Withdrawal latencies to heat were assessed by applying a focused radiant heat source in unrestrained rats, as described by Meller et al. The heat stimulus was light from a 50-W projector lamp, with an aperture diameter of 6 mm, applied from beneath a heat-tempered glass floor (3-mm thick) on the middle of the incision, or the center of the beam was directed approximately 1.2 cm from the incision. Paw withdrawal latencies were measured to the nearest 0.1 s. Three trials 5-10 min apart were used to obtain an average paw withdrawal latency.
Thermal and mechanical hyperalgesia observed directly on the wound or in an area within 1-3 mm (immediately adjacent) of the incision was considered primary hyperalgesia. Hyperalgesia occurring at test sites approximately 1-1.5 cm distant to the incision was considered secondary hyperalgesia (see Discussion). One intermediate site, approximately 0.5 cm from the incision, was used.
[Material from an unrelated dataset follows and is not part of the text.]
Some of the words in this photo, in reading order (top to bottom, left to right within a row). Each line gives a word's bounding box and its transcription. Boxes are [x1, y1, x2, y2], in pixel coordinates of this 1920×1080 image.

Stimuli Applied Immediately Adjacent to or Directly on the Incision. Separate groups (n = 6 per group) were pretested for responses to the blunt mechanical stimulus, withdrawal to von Frey filaments, and withdrawal latency to radiant heat at the proximal part of the hindpaw near the heel. An incision near the proximal edge of the heel was made through the skin and fascia of the plantar aspect of the right hindpaw, including the plantaris muscle (n = 6), or through skin and fascia (n = 6) without incising the plantaris muscle. A sham operation (anesthesia, antibiotics, and surgical preparation) was performed in six rats. After a recovery time of 2 h, responses to the blunt mechanical stimulus, punctate stimuli, and radiant heat were tested. The responses to these stimuli were determined for the next 9 days in all groups.
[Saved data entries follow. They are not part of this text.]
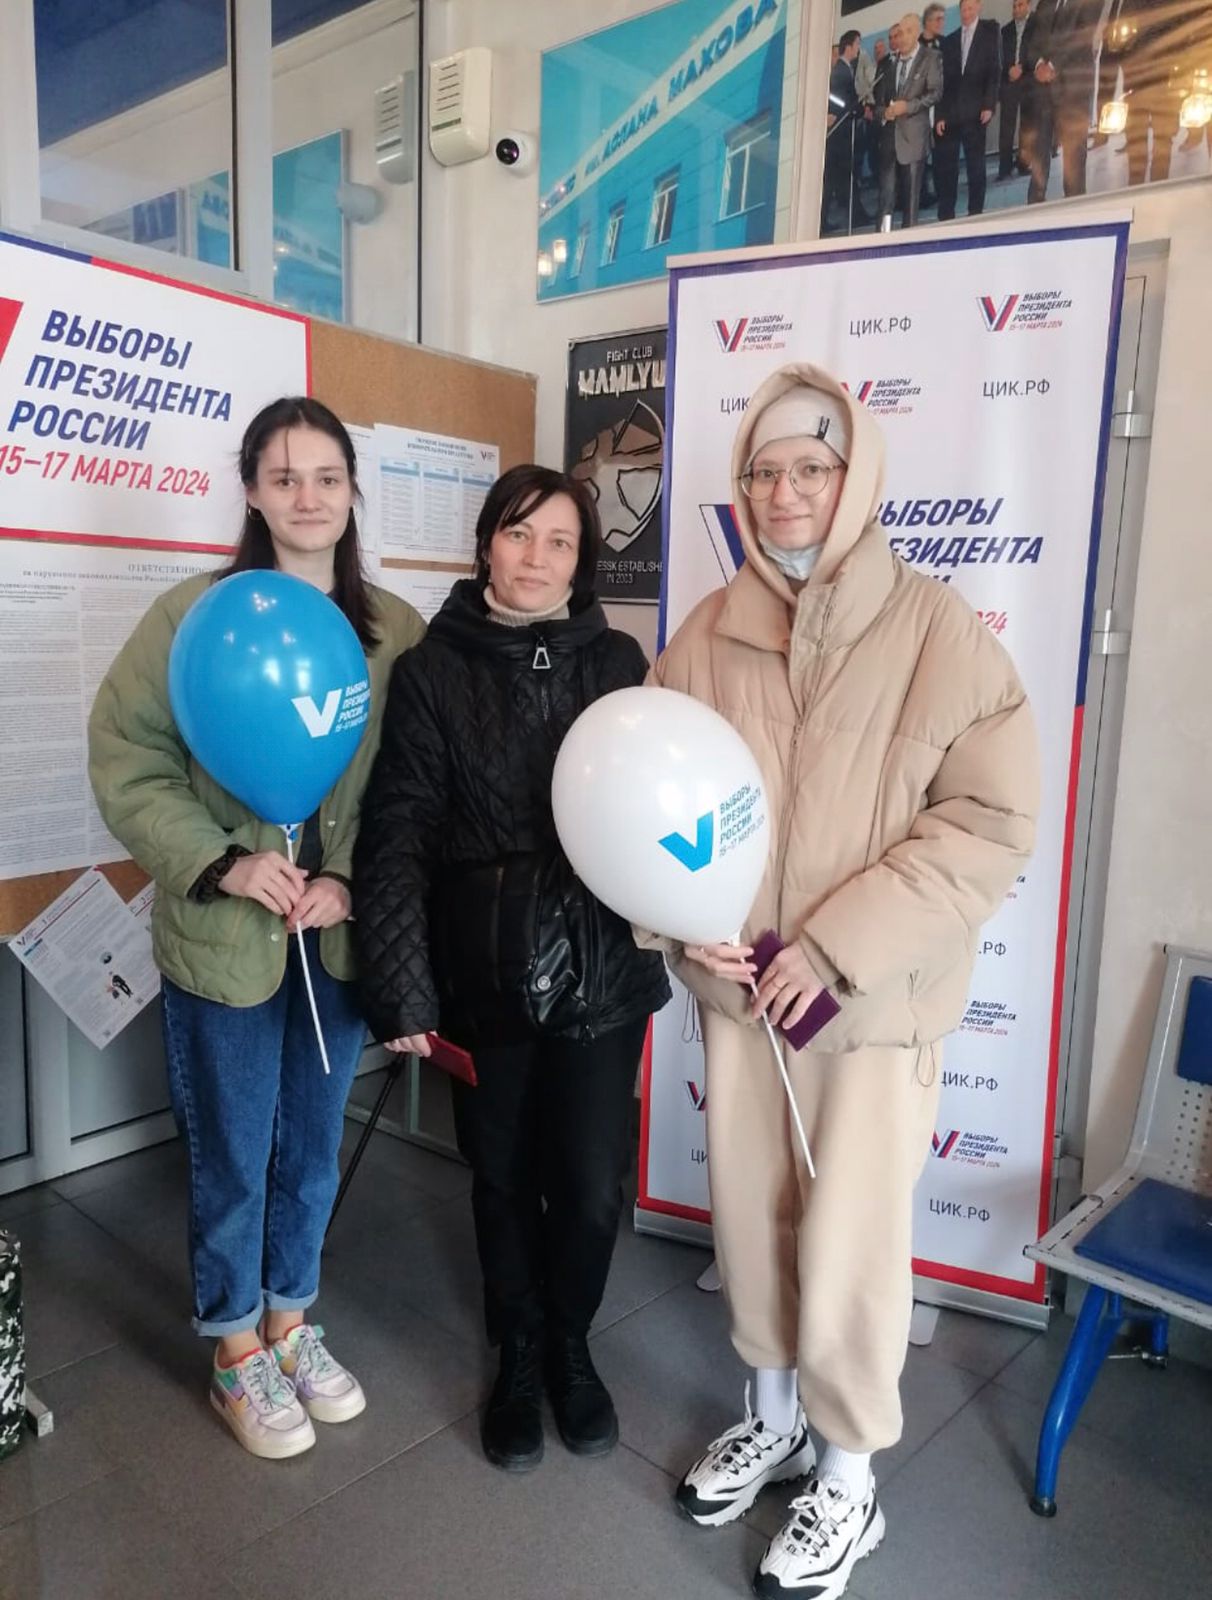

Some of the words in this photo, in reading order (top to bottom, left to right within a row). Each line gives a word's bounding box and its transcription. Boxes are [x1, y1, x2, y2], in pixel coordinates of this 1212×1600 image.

[1023, 291, 1061, 301] ВЫБОРЫ
[1018, 300, 1072, 312] ПРЕЗИДЕНТА
[752, 315, 784, 324] ВЫБОРЫ
[1013, 312, 1048, 322] РОССИИ
[747, 323, 793, 334] ПРЕЗИДЕНТА
[850, 316, 912, 338] ЦИК.РФ
[41, 309, 193, 370] ВЫБОРЫ
[744, 335, 772, 343] РОССИИ
[606, 349, 629, 363] FIGHT
[632, 346, 653, 359] CLUB
[24, 354, 232, 421] ПРЕЗИДЕНТА
[876, 379, 912, 388] ВЫБОРЫ
[983, 379, 1050, 399] ЦИК.РФ
[872, 387, 921, 397] ПРЕЗИДЕНТА
[721, 398, 750, 414] ЦИК
[867, 399, 899, 407] РОССИИ
[7, 400, 152, 451] РОССИИ
[71, 454, 153, 490] МАРТА
[157, 466, 210, 497] 2024
[889, 536, 1044, 568] ЕЗИДЕНТА
[597, 560, 617, 571] ESSK
[619, 560, 663, 572] ESTABLISHE
[720, 783, 751, 814] ВЫБОРЫ
[720, 813, 752, 845] РОССИИ
[978, 942, 1007, 956] .РФ
[971, 1001, 1007, 1010] ВЫБОРЫ
[966, 1009, 1016, 1020] ПРЕЗИДЕНТА
[961, 1017, 994, 1026] РОССИИ
[963, 1133, 998, 1143] ВЫБОРЫ
[954, 1148, 986, 1158] РОССИИ
[959, 1140, 1008, 1154] ПРЕЗИДЕНТА
[929, 1199, 991, 1222] ЦИК.РФ
Stimuli Applied outside the Area of the Incision. Eighteen rats were presented with von Frey filaments and a radiant heat stimulus between the distal tori of the plantar aspect of the foot, approximately 1.2 cm away from the end of the intended incision at the heel. Responses to the blunt mechanical stimulus applied 1 cm from the incision were not assessed because the toes tended to wrap around the disk when it was applied to the distal tori, preventing it from being released after application. The incision was made near the heel through skin, fascia, and the plantaris muscle (n = 6) or through skin and fascia only (n = 6). A sham operation was performed in six rats. Responses to punctate mechanical stimuli and to radiant heat were measured again 2 h after incision and for 9 days thereafter.
A separate group of rats (n = 12) was pretested by applying the blunt mechanical stimulus, von Frey filaments, and radiant heat to an area near the heel on the plantar aspect of the foot and 1 cm away from the intended incision. A 1-cm incision was made through the skin starting at the distal tori and extending toward the heel. Because there is no muscle underlying the skin at the tori, an incision extending into deeper tissues was not performed. Six rats underwent a sham operation. Responses to the blunt mechanical stimulus, von Frey filaments, and radiant heat were determined at this proximal test site.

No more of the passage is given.